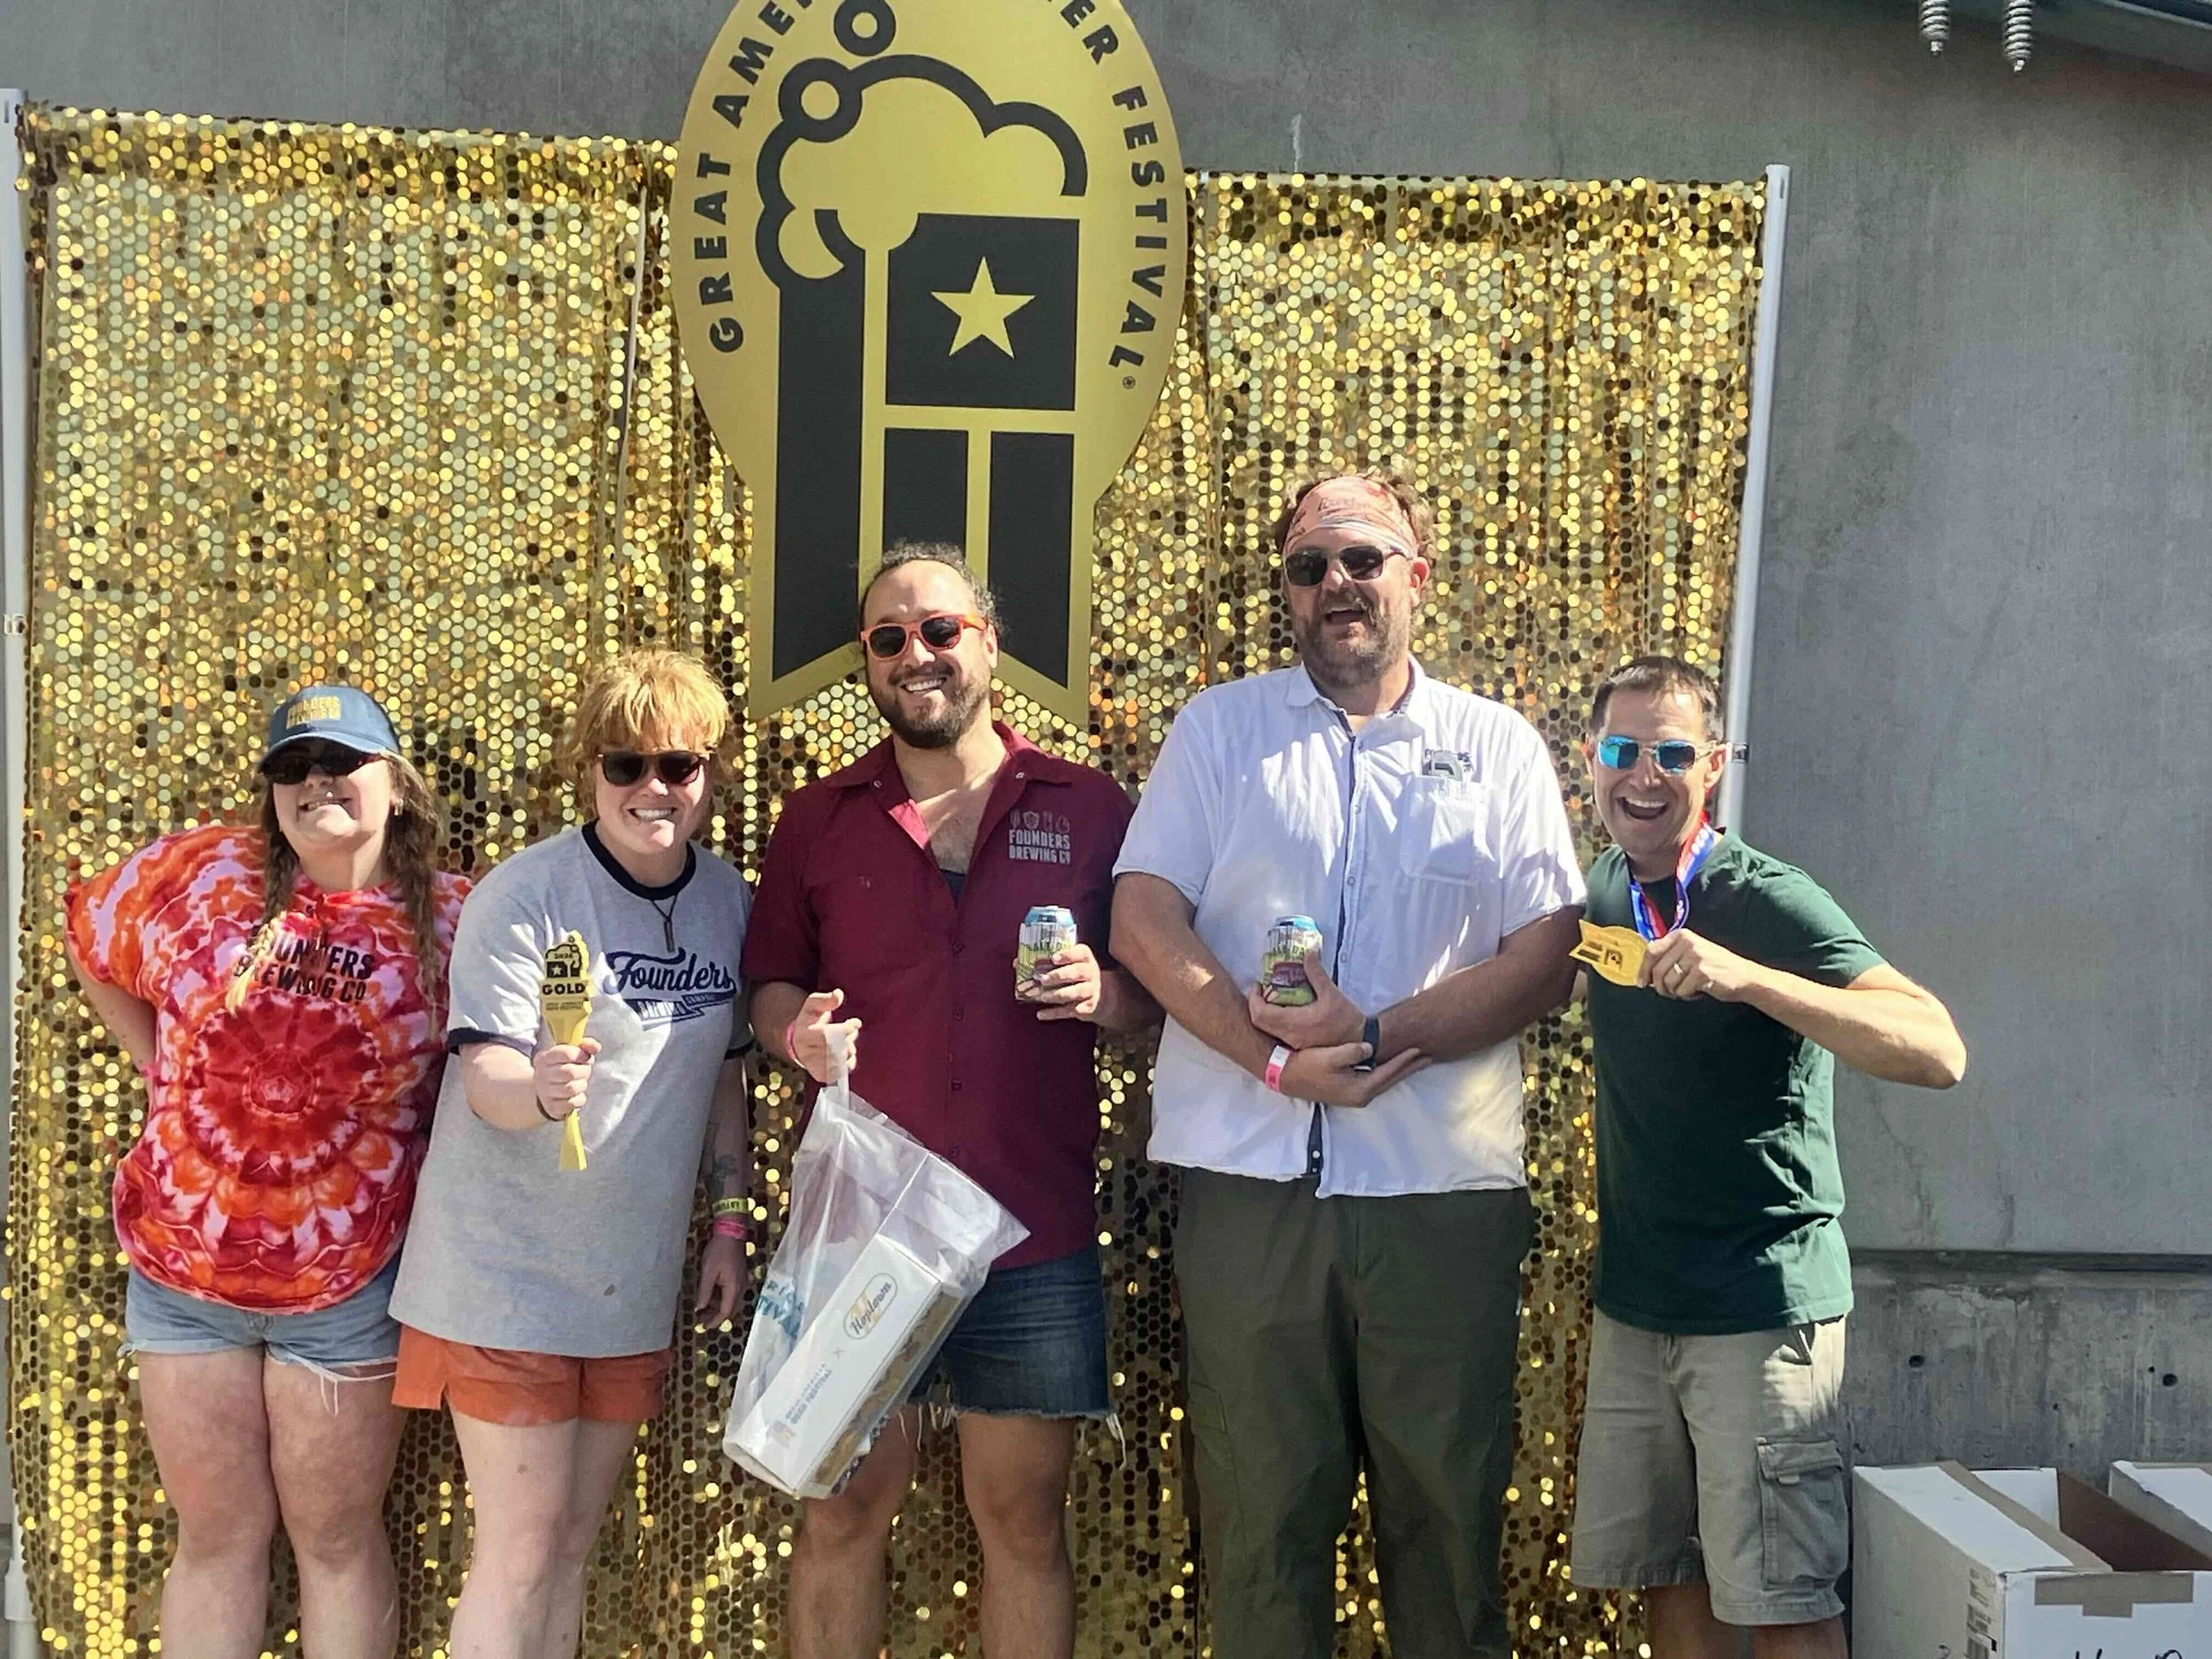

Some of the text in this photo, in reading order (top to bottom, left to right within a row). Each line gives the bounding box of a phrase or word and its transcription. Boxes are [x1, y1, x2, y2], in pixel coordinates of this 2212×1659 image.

[695, 0, 1168, 368] GREAT AME ER FESTIVAL
[1009, 829, 1071, 850] FOUNDERS
[1009, 844, 1058, 864] BREWING
[603, 947, 738, 995] Founders
[541, 983, 586, 995] GOLD

============================================================

# Exercise requirements
Would you repeat each line of the listing exactly, skipping any picture?

# Answer to this exercise
Some of the text in this photo, in reading order (top to bottom, left to right within a row). Each line gives the bounding box of a phrase or word and its transcription. Boxes are [x1, y1, x2, y2], in pixel coordinates of this 2212×1659 image.

[695, 0, 1168, 368] GREAT AME ER FESTIVAL
[1009, 829, 1071, 850] FOUNDERS
[1009, 844, 1058, 864] BREWING
[603, 947, 738, 995] Founders
[541, 983, 586, 995] GOLD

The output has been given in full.